You can confirm this as an issue if you see white smoke coming out of the engine. It is a sign that the problem is excessive oil.
When you see a lot of smoke coming out, your machine will continue running for a short time after which the excess oil will drown out of the engine and it will die.
What to do?
For starters, confirm the culprit. Tilt the mower and put a heavy object on its handle to hold it up. This will allow the oil to circulate to other parts of the engine.
After an hour, try running the machine again. See if it runs for a good amount of time before stalling. if it does, well the cause was extra input of oil.
How to Fix
Fixing this issue is quite easy. If you have added an excessive amount of oil, you can simply use a siphon or if you use a walk-behind lawnmower, you can tip your mower on its side and drain excess oil from the input hole.

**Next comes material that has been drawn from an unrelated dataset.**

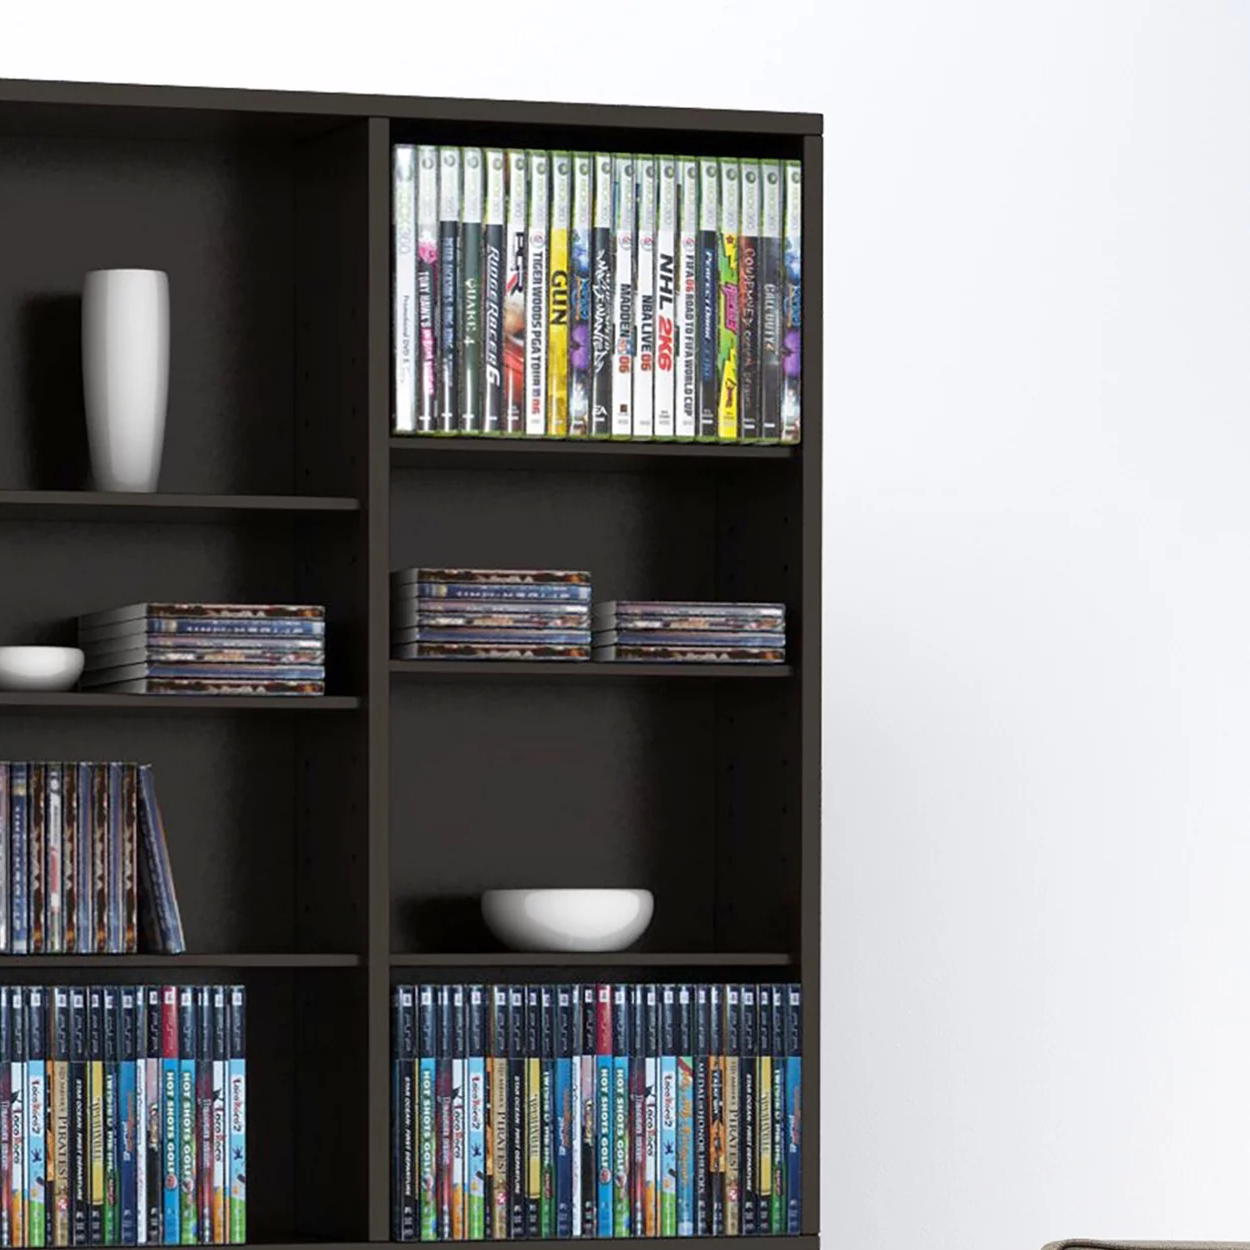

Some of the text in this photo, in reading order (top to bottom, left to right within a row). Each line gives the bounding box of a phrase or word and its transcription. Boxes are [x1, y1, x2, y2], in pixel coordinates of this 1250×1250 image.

Now, that you know the aftereffects of adding excess oil, you should just slow down while filling up the mower reservoir and avoid overfilling.
If you are new, use a dipstick to fill the tank to the correct level. Also, while releasing the excess fuel measure the amount of oil in the reservoir before removing and then again after to make sure you get it at the right level.
Excess oil is not only the issue that can occur. Not enough oil is another problem. So, after removing the oil check for the level and add extra to get it to the right amount. When you have the adequate amount, start the mower again.
More Serious Problems
Mostly the reason behind your machine starting and dying eventually are the ones discussed above. But if those are not the reasons, the following can be the more serious issues associated with it.
This problem needs a more expert observation to be identified. So, if you want your machine to work smoothly identify this problem early to avoid any further damage.
Worn out Carburetor.
Your carburetor can be more than just being dirty. If it is, better to replace it than to waste your money on repairing it.
Gas line Blockage
If the gasoline is not reaching your engine, it will not start. Any kind of blockage will prevent the flow of gas and will require professionals to detect and repair it.
We hope the article was helpful in letting you know the possible causes of the mower starting and dying soon. Keeping a regular maintenance check is the key to keep your machine running smoothly.